Beacham, Terry D.; Araujo, H. Andres; Tucker, Strahan; Trudel, Marc (2019), Data from: Validity of inferring size-selective mortality and a critical size limit in Pacific salmon from scale circulus spacing, Dryad, Dataset, https://doi.org/10.5061/dryad.n560cd7

Abstract

Size-selective mortality owing to lack of energy reserves during the first marine winter has been suggested to be a result of juvenile salmon failing to reach a critical size or condition by the end of their first marine summer and not surviving the following winter due to this presumed energy deficit. This hypothesis implies a knife-edge mortality function based upon size, and is subject to empirical data support for acceptance.

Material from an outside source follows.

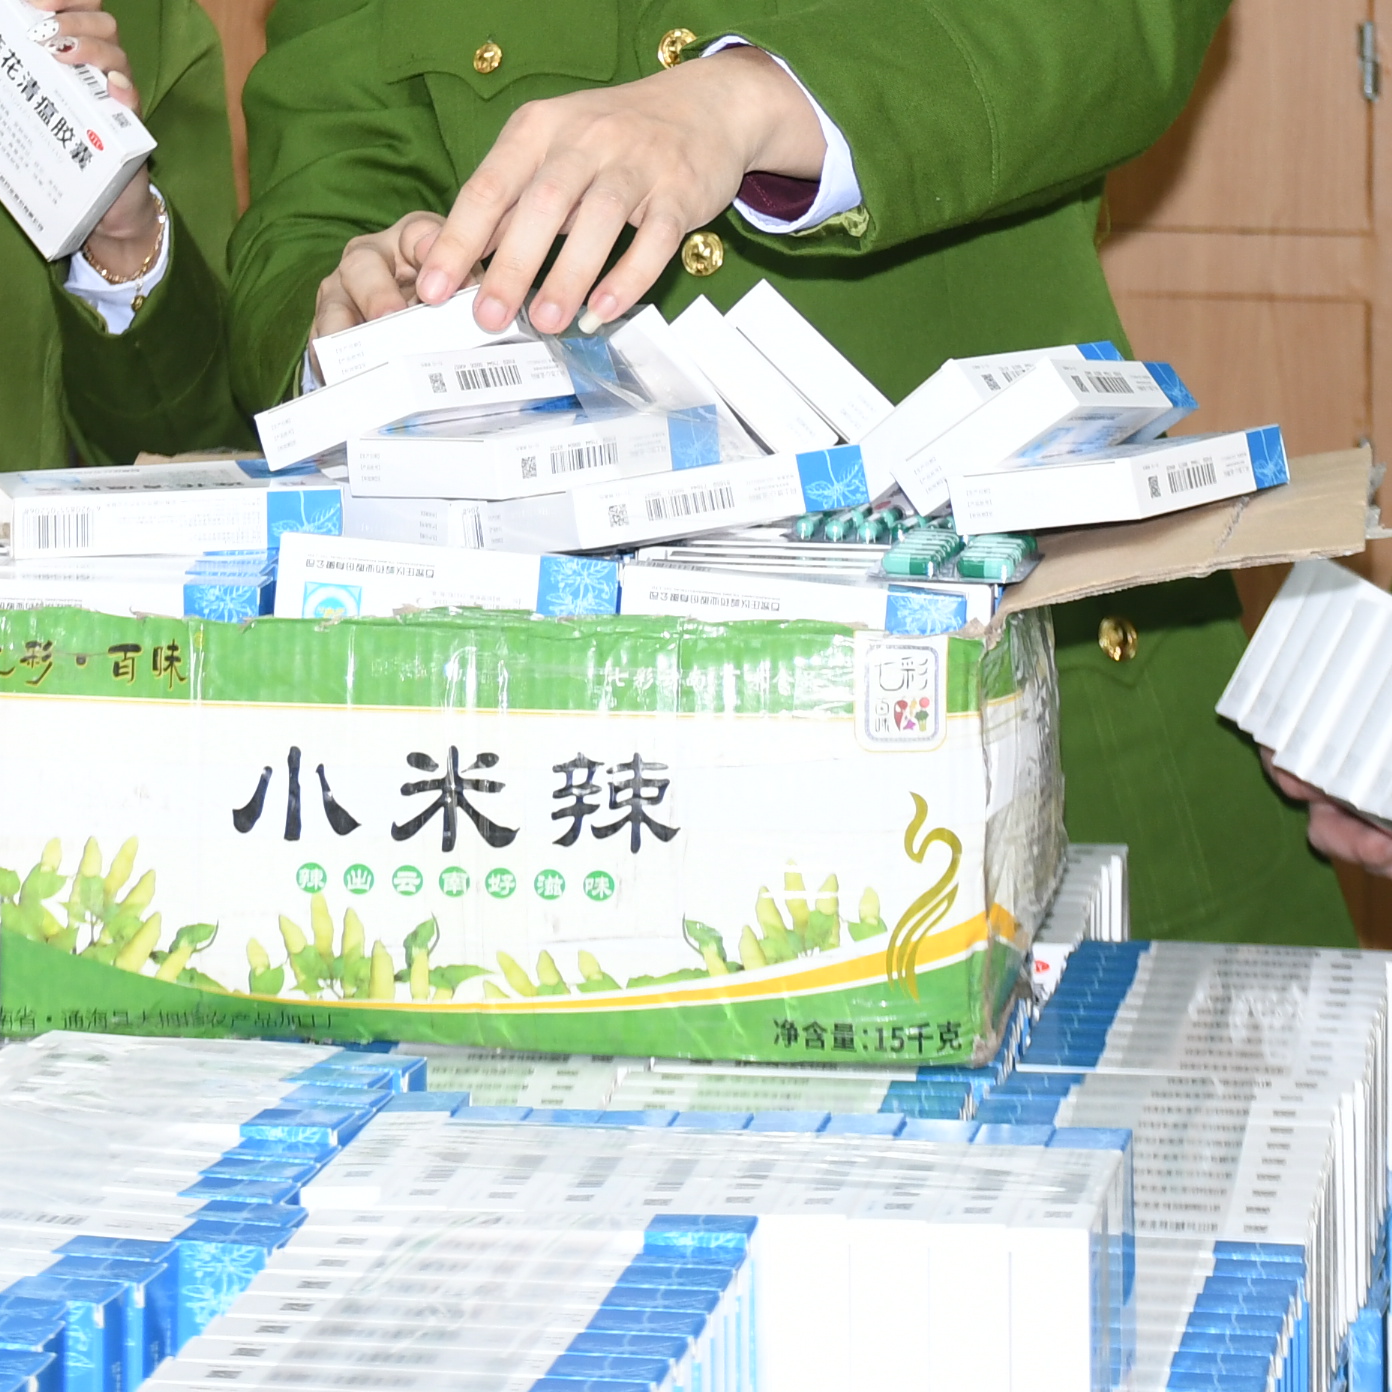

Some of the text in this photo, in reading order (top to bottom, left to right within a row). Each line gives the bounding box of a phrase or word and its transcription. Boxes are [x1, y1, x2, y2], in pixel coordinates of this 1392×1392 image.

[232, 745, 681, 854] 小米辣
[297, 865, 614, 900] 辣出云南好滋味

Scale circulus spacing has been interpreted as an index for body size, and we reviewed the effect of size-selective mortality with a knife-edge mortality function on descriptive statistics for a scale circulus spacing index (SCSI). In order to invoke size selection as an important driver of mortality during the first year of ocean rearing, it is necessary to demonstrate not only that size-selective mortality is directed towards the smaller members of the population, but that the selective nature of the mortality can account for a substantial portion of the observed mortality. If the assumption is made that a random sample of a single juvenile population has been obtained, then studies that employ a SCSI to infer size-selective mortality coupled with a critical size limit must demonstrate a shift toward larger values of the SCSI, but also a concomitant reduction in the variance and range of the SCSI and an increase in the skewness and kurtosis of the SCSI values. Through simulation we found that the percentage of adults that displayed a SCSI value greater than the maximum observed in the juvenile sample was highly dependent on the initial juvenile sample size and size-selective mortality rate. Geographical distributions of juvenile Pacific salmon can be stratified by size, with larger individuals migrating earlier from local ocean entry locations than smaller individuals, and thus differential timing migration of juveniles based upon body size prior to the collection of the marine juvenile sample may be a more plausible explanation of published trends in the SCSI, rather than invoking substantial size-selective mortality and a critical size limit.